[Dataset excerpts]
******
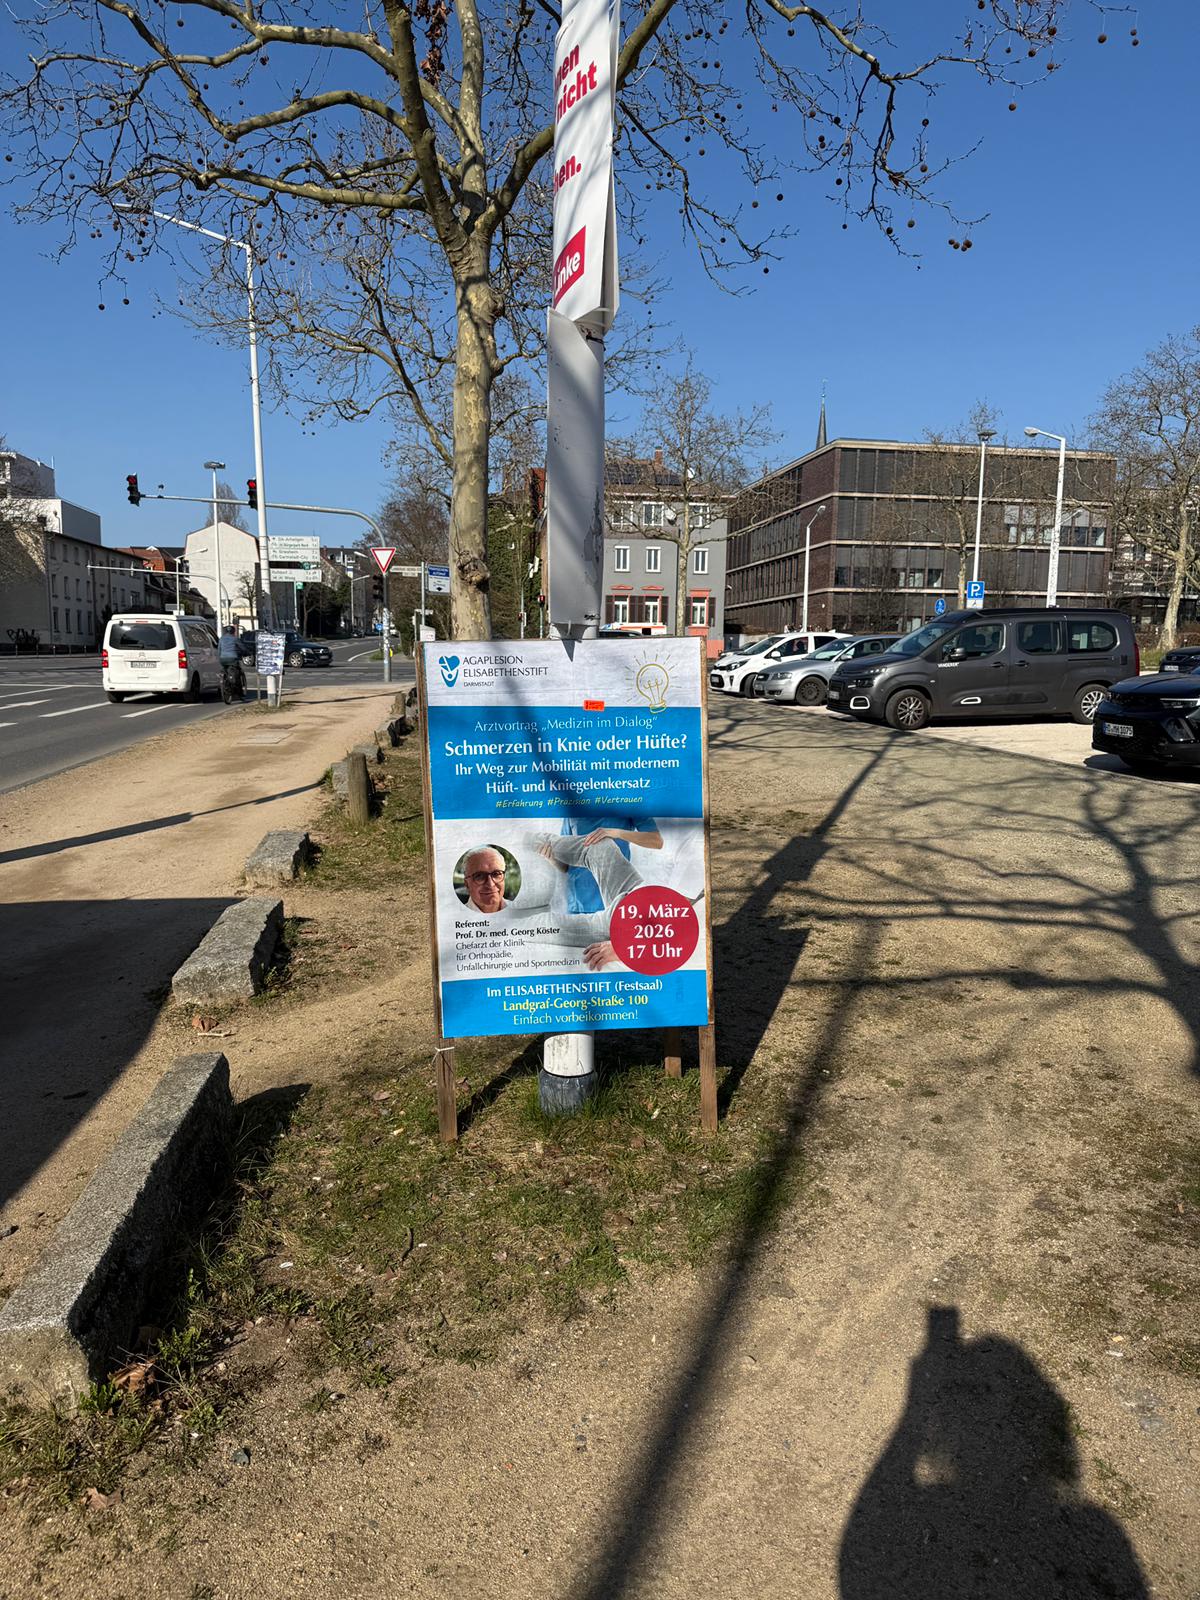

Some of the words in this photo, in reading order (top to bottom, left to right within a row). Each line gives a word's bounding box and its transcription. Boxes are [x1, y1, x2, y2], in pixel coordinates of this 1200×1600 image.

[557, 61, 597, 124] nicht
[970, 584, 980, 596] P
[462, 655, 523, 665] AGAPLESION
[463, 666, 548, 678] ELISABETHENSTIFT
[474, 720, 538, 732] Arztvortrag
[542, 718, 593, 731] „Medizin
[597, 718, 611, 728] im
[445, 740, 532, 756] Schmerzen
[538, 738, 552, 752] in
[558, 738, 591, 752] Knie
[598, 736, 631, 751] oder
[637, 734, 687, 750] Hüfte?
[456, 764, 472, 776] Ihr
[476, 762, 504, 778] Weg
[508, 763, 528, 774] zur
[532, 760, 586, 773] Mobilität
[590, 759, 610, 771] mit
[614, 758, 680, 770] modernem
[486, 780, 518, 793] Hüft-
[522, 780, 545, 792] und
[550, 777, 650, 794] Kniegelenkersatz
[496, 799, 544, 809] #Erfahrung
[595, 796, 643, 806] #Vertrauen
[618, 905, 642, 919] 19.
[648, 904, 689, 918] März
[455, 920, 490, 930] Referent:
[634, 924, 674, 939] 2026
[455, 931, 472, 940] Prof.
[476, 930, 488, 938] Dr.
[489, 929, 508, 938] med.
[510, 927, 535, 938] Georg
[536, 926, 560, 936] Köster
[456, 941, 488, 950] Chefarzt
[489, 940, 502, 948] der
[504, 938, 526, 948] Klinik
[628, 944, 646, 959] 17
[652, 944, 682, 958] Uhr
[456, 952, 467, 962] für
[468, 950, 514, 961] Orthopädie,
[456, 960, 513, 972] Unfallchirurgie
[514, 959, 529, 968] und
[531, 957, 580, 968] Sportmedizin
[487, 988, 502, 998] Im
[504, 982, 610, 997] ELISABETHENSTIFT
[615, 980, 663, 993] (Festsaal)
[503, 996, 624, 1013] Landgraf-Georg-Straße
[628, 995, 648, 1006] 100
[513, 1014, 552, 1026] Einfach
[555, 1010, 638, 1024] vorbeikommen!
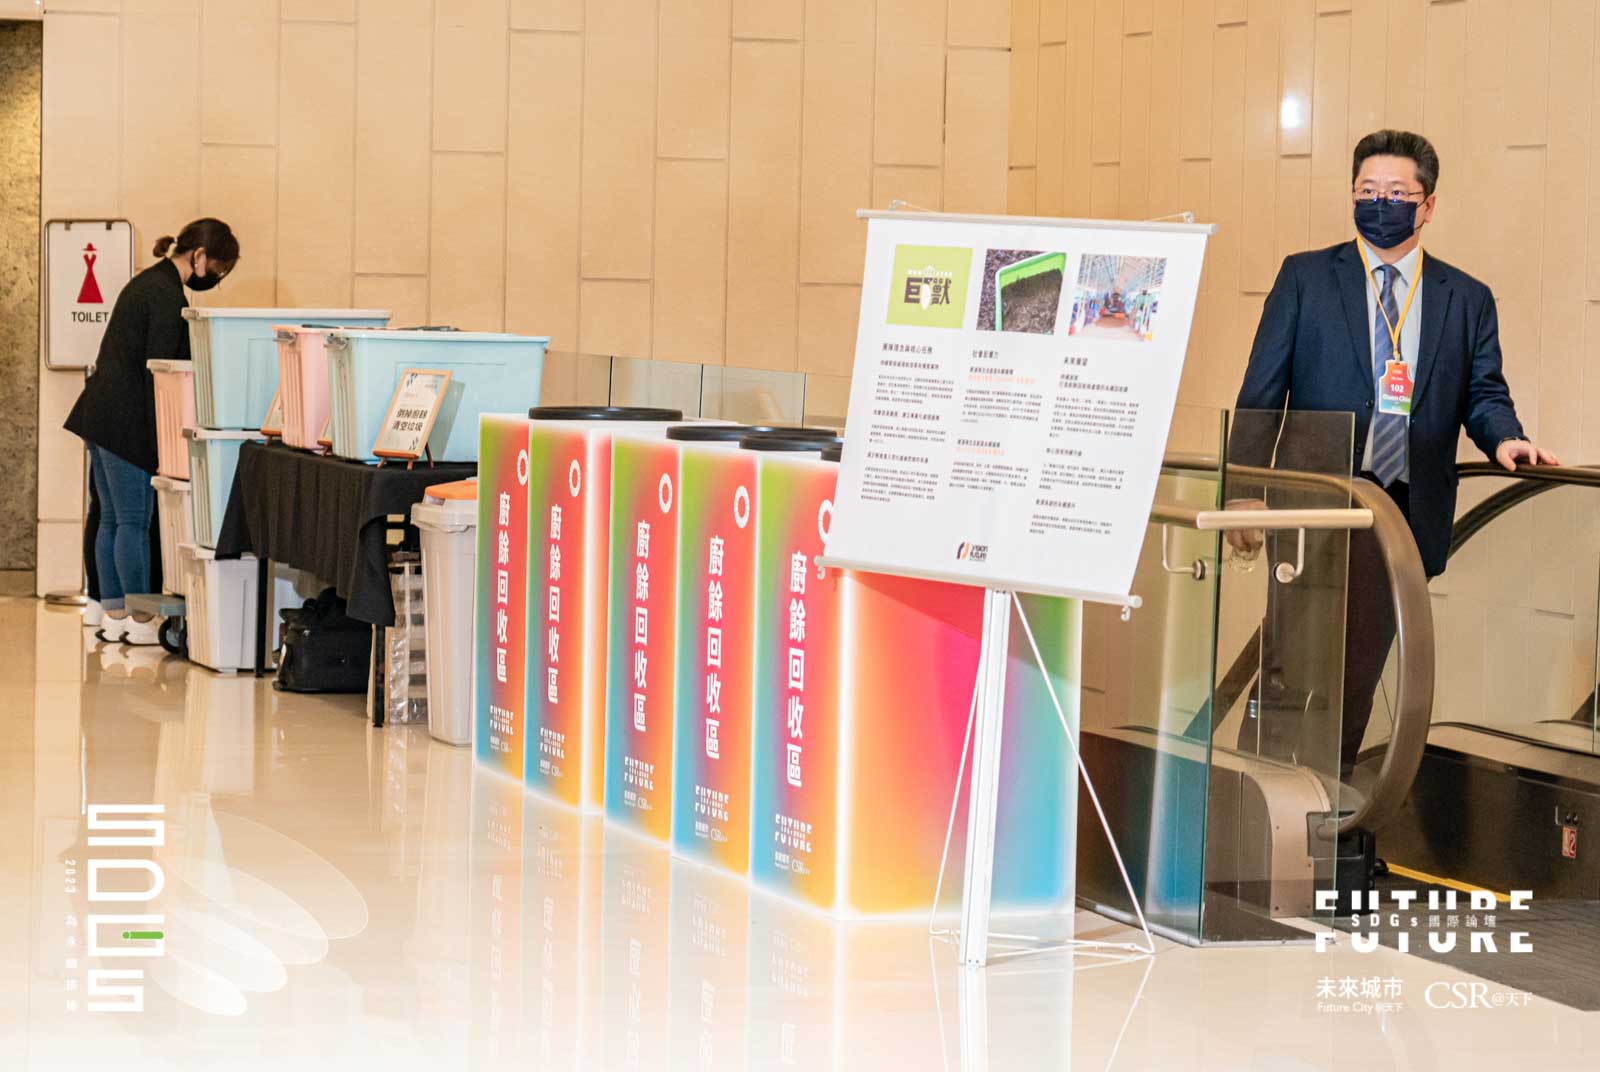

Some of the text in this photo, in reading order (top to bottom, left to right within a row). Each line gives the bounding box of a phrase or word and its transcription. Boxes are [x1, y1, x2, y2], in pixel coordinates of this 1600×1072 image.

[71, 311, 109, 323] TOILET
[1390, 383, 1404, 392] 102
[496, 491, 511, 683] 廚餘回收區
[547, 503, 562, 705] 廚餘回收區
[633, 520, 651, 733] 廚餘回收區
[705, 535, 725, 760] 廚餘回收區
[786, 550, 807, 788] 廚餘回收區
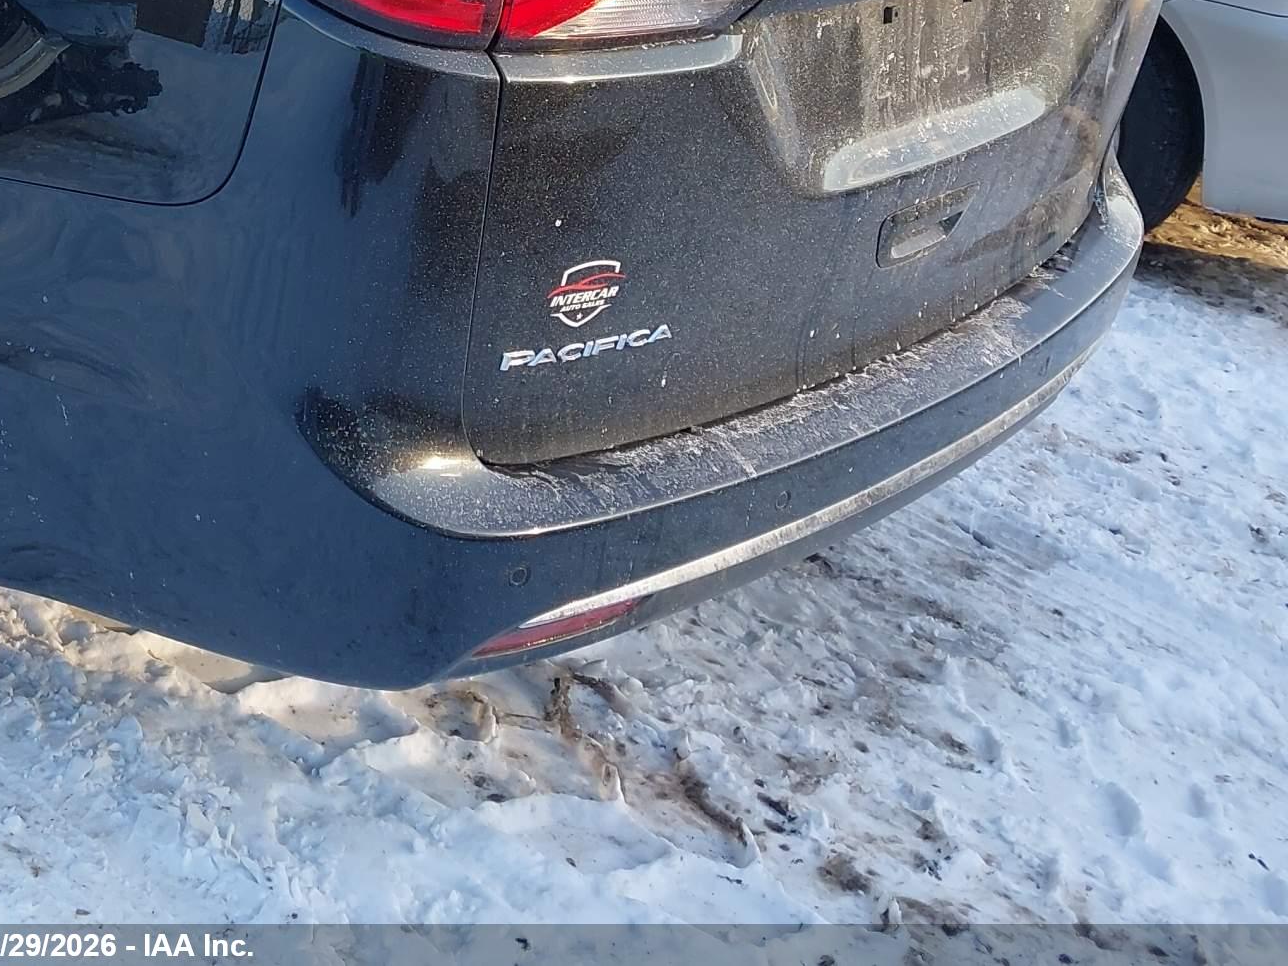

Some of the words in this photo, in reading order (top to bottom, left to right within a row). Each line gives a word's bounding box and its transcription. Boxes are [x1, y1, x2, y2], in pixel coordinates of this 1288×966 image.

[549, 285, 619, 307] INTERCAR
[559, 303, 581, 313] AUTO
[582, 299, 605, 309] SALES
[499, 324, 672, 371] PACIFICA
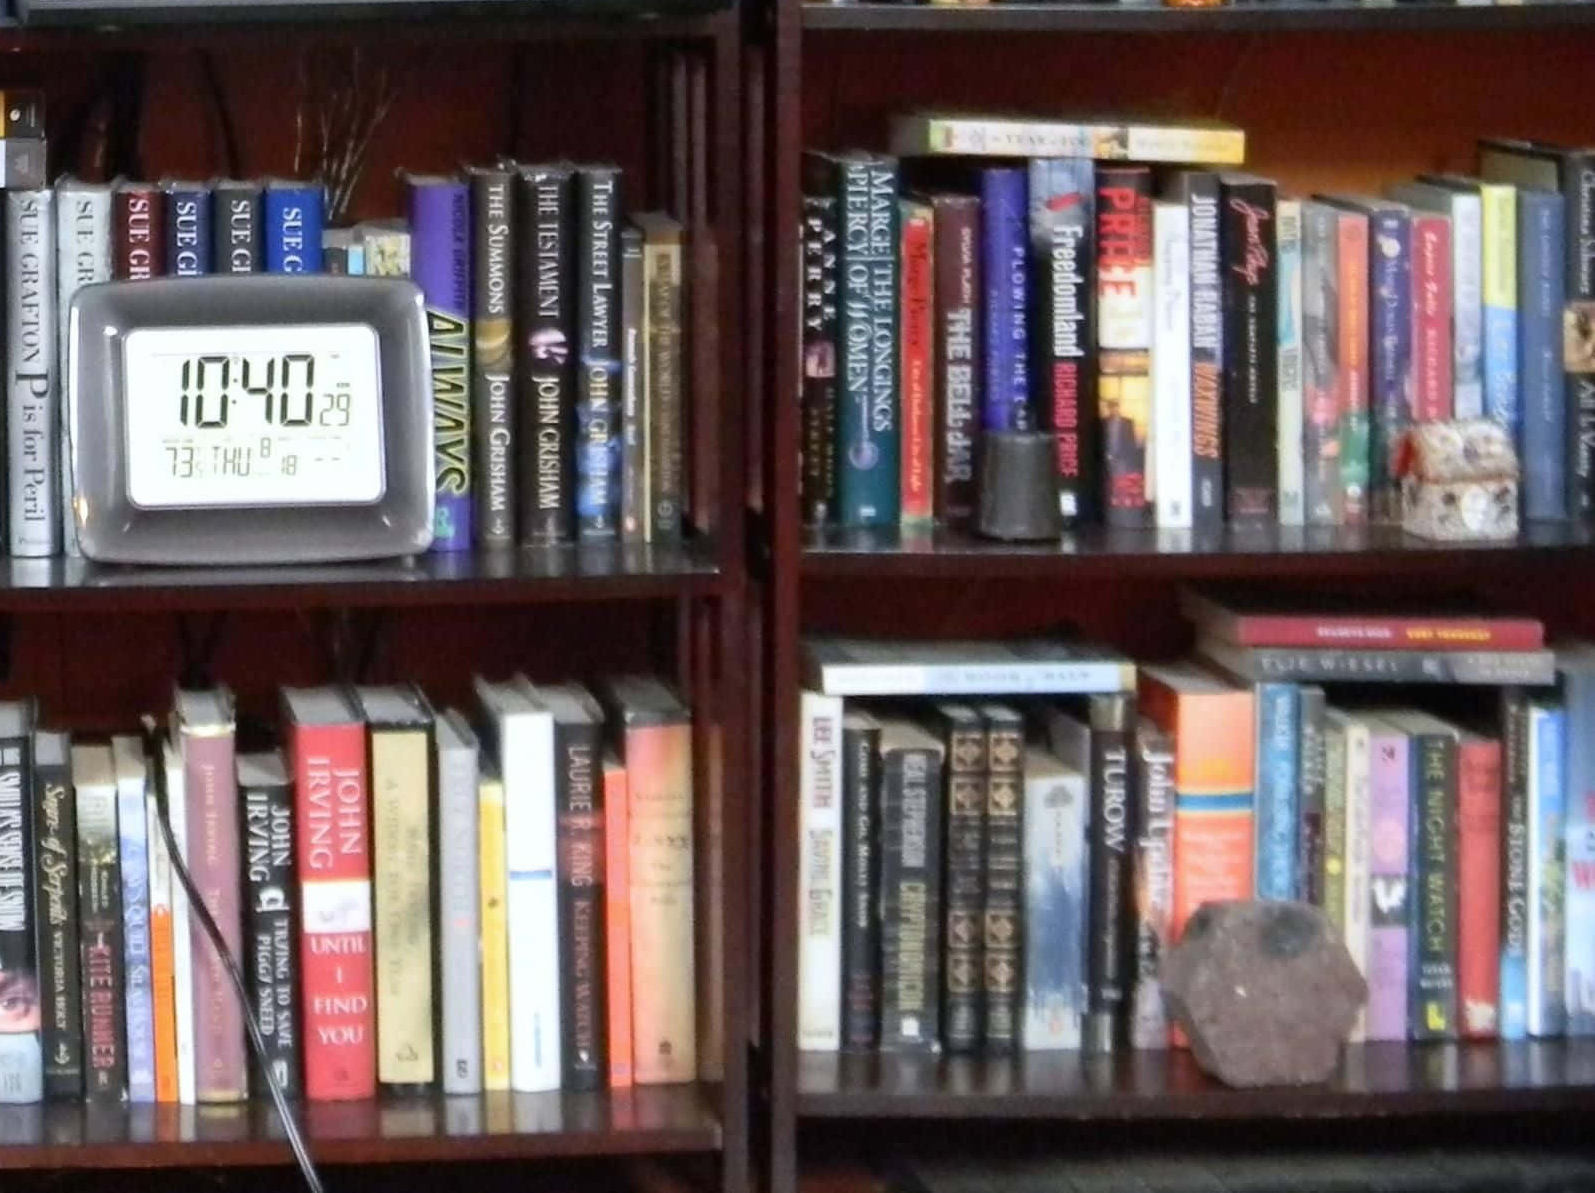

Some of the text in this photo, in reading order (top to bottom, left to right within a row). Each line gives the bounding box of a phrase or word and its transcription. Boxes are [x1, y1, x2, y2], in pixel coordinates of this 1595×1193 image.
******
▶ _What is needed_
Retype all the data exactly. Omit pictures.

▶ _Result of this exercise_
Some of the words in this photo, in reading order (top to bottom, left to right within a row). Each line gives a word's bounding box and its transcription. Boxes are [x1, y1, x2, y2], in pixel coordinates of this 1200×1600 image.

[557, 61, 597, 124] nicht
[970, 584, 980, 596] P
[462, 655, 523, 665] AGAPLESION
[463, 666, 548, 678] ELISABETHENSTIFT
[474, 720, 538, 732] Arztvortrag
[542, 718, 593, 731] „Medizin
[597, 718, 611, 728] im
[445, 740, 532, 756] Schmerzen
[538, 738, 552, 752] in
[558, 738, 591, 752] Knie
[598, 736, 631, 751] oder
[637, 734, 687, 750] Hüfte?
[456, 764, 472, 776] Ihr
[476, 762, 504, 778] Weg
[508, 763, 528, 774] zur
[532, 760, 586, 773] Mobilität
[590, 759, 610, 771] mit
[614, 758, 680, 770] modernem
[486, 780, 518, 793] Hüft-
[522, 780, 545, 792] und
[550, 777, 650, 794] Kniegelenkersatz
[496, 799, 544, 809] #Erfahrung
[595, 796, 643, 806] #Vertrauen
[618, 905, 642, 919] 19.
[648, 904, 689, 918] März
[455, 920, 490, 930] Referent:
[634, 924, 674, 939] 2026
[455, 931, 472, 940] Prof.
[476, 930, 488, 938] Dr.
[489, 929, 508, 938] med.
[510, 927, 535, 938] Georg
[536, 926, 560, 936] Köster
[456, 941, 488, 950] Chefarzt
[489, 940, 502, 948] der
[504, 938, 526, 948] Klinik
[628, 944, 646, 959] 17
[652, 944, 682, 958] Uhr
[456, 952, 467, 962] für
[468, 950, 514, 961] Orthopädie,
[456, 960, 513, 972] Unfallchirurgie
[514, 959, 529, 968] und
[531, 957, 580, 968] Sportmedizin
[487, 988, 502, 998] Im
[504, 982, 610, 997] ELISABETHENSTIFT
[615, 980, 663, 993] (Festsaal)
[503, 996, 624, 1013] Landgraf-Georg-Straße
[628, 995, 648, 1006] 100
[513, 1014, 552, 1026] Einfach
[555, 1010, 638, 1024] vorbeikommen!

Some of the text in this photo, in reading order (top to bottom, left to right within a row). Each line gives the bounding box of a phrase or word and its transcription. Boxes are [x1, y1, x2, y2], in pixel coordinates of this 1600×1072 image.

[71, 311, 109, 323] TOILET
[1390, 383, 1404, 392] 102
[496, 491, 511, 683] 廚餘回收區
[547, 503, 562, 705] 廚餘回收區
[633, 520, 651, 733] 廚餘回收區
[705, 535, 725, 760] 廚餘回收區
[786, 550, 807, 788] 廚餘回收區

Some of the words in this photo, in reading order (top to bottom, left to right within a row). Each line gives a word's bounding box and its transcription. Boxes are [x1, y1, x2, y2], in pixel coordinates of this 1288×966 image.

[549, 285, 619, 307] INTERCAR
[559, 303, 581, 313] AUTO
[582, 299, 605, 309] SALES
[499, 324, 672, 371] PACIFICA

Some of the text in this photo, in reading order (top to bottom, left to right within a row). Each line gives the bounding box of a phrase or word and its transcription. Boxes are [x1, y1, x2, y2], in pixel coordinates of this 1595×1193 image.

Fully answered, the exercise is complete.